● **WORK INSTRUCTIONS**
Images do not belong in the copy. Set down all the entries exactly.

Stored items
---------------
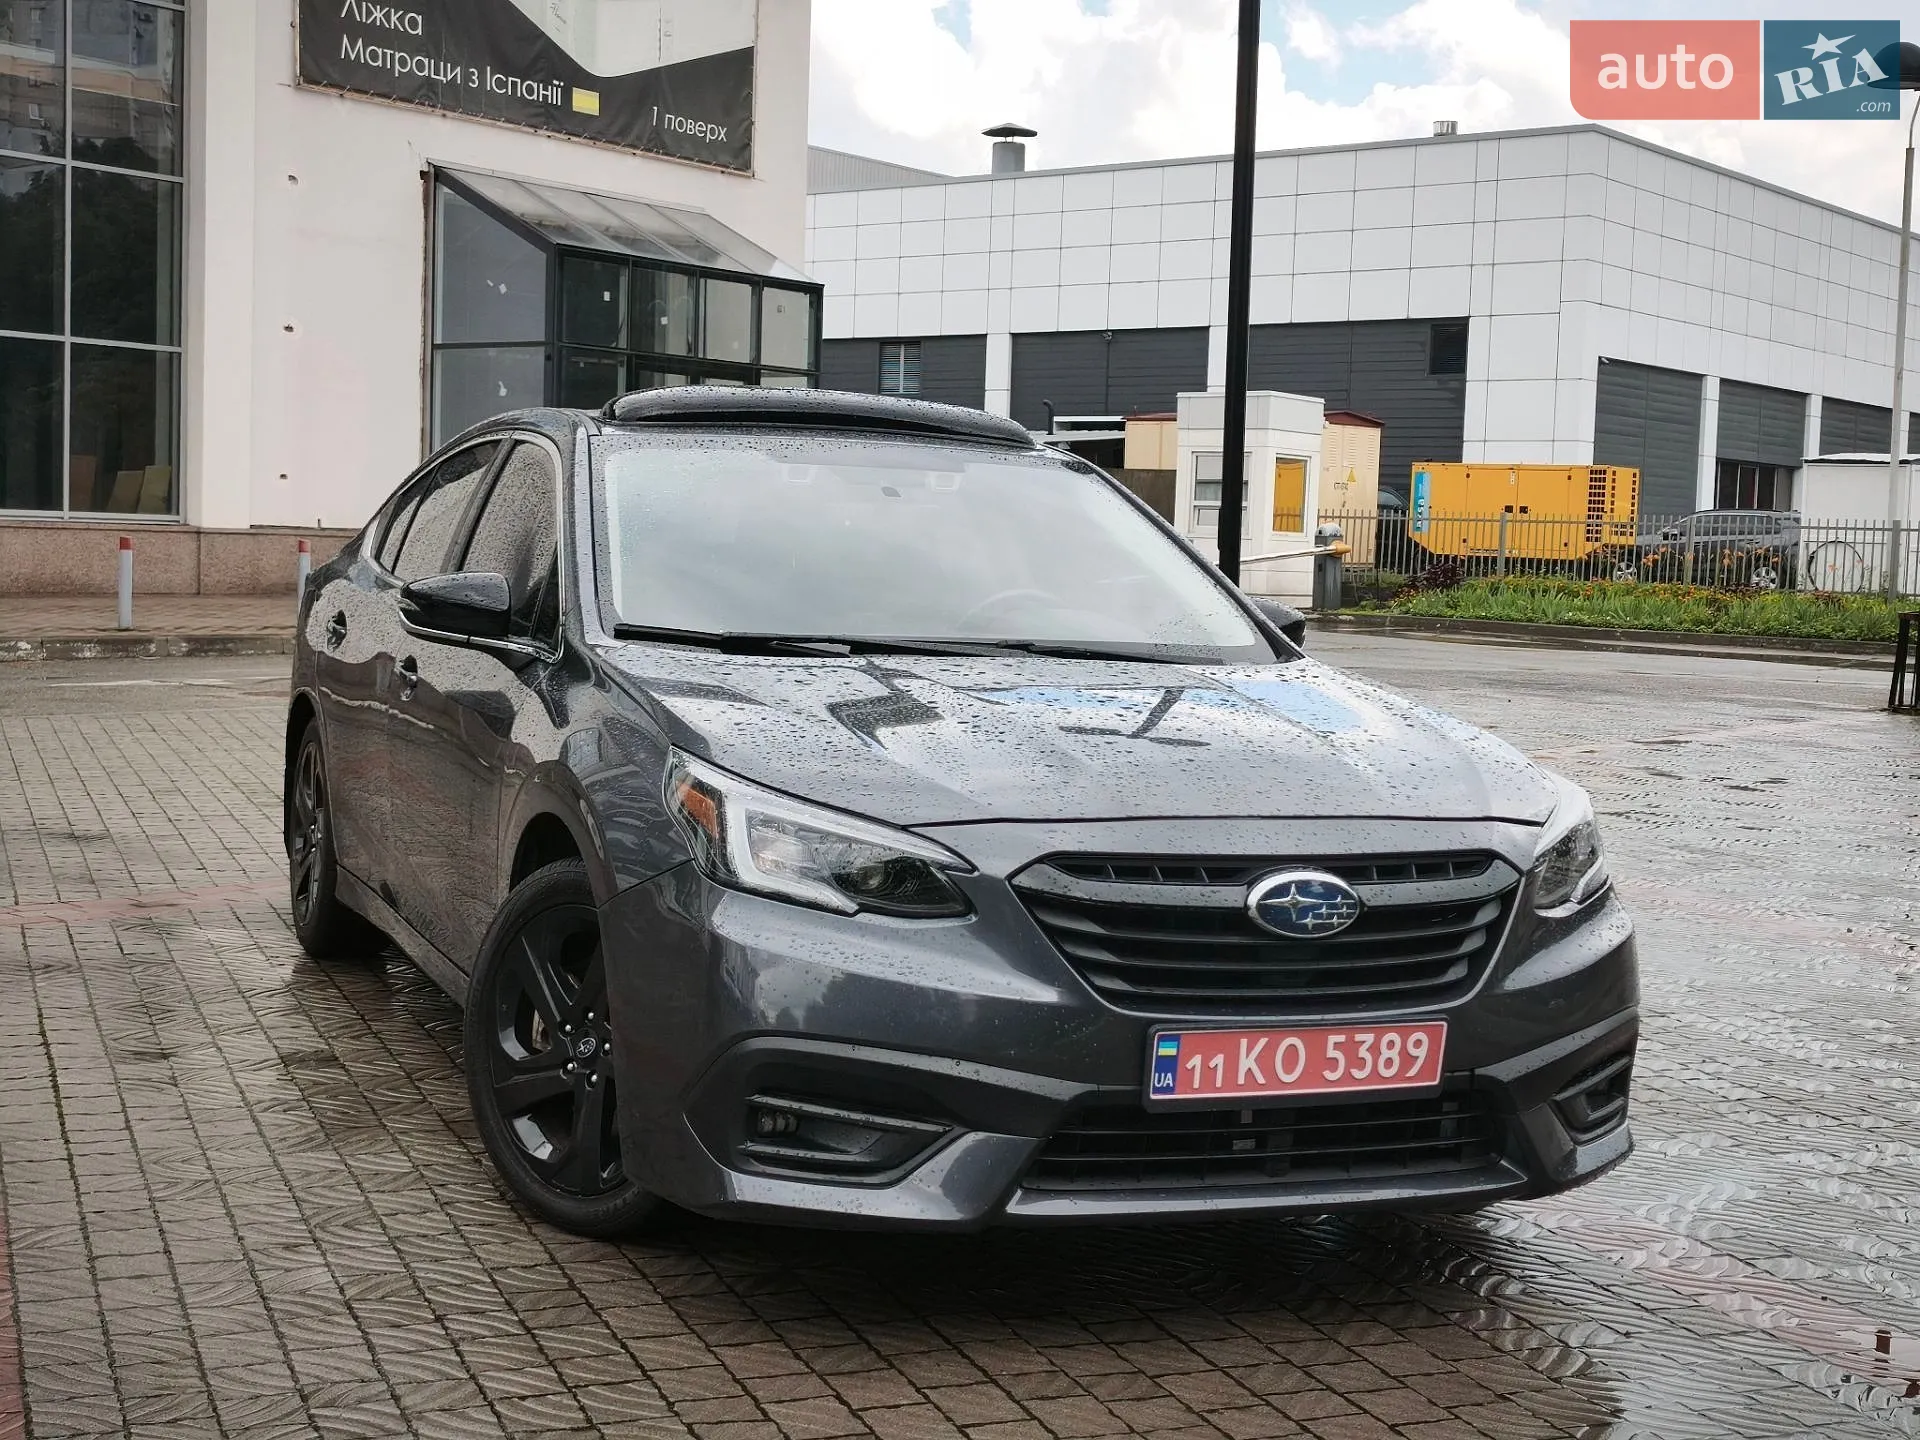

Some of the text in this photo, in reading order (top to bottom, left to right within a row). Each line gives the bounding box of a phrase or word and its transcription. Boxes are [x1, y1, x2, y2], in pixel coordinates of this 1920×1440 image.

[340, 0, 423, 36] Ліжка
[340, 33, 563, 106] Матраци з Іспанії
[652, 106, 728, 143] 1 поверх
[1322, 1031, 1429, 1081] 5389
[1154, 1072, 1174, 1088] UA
---------------
● **RESULT FOR THIS EXERCISE**
Some of the text in this photo, in reading order (top to bottom, left to right within a row). Each line gives the bounding box of a phrase or word and its transcription. Boxes are [x1, y1, x2, y2], in pixel coordinates of this 1920×1440 image.

[340, 0, 423, 36] Ліжка
[340, 33, 563, 106] Матраци з Іспанії
[652, 106, 728, 143] 1 поверх
[1322, 1031, 1429, 1081] 5389
[1154, 1072, 1174, 1088] UA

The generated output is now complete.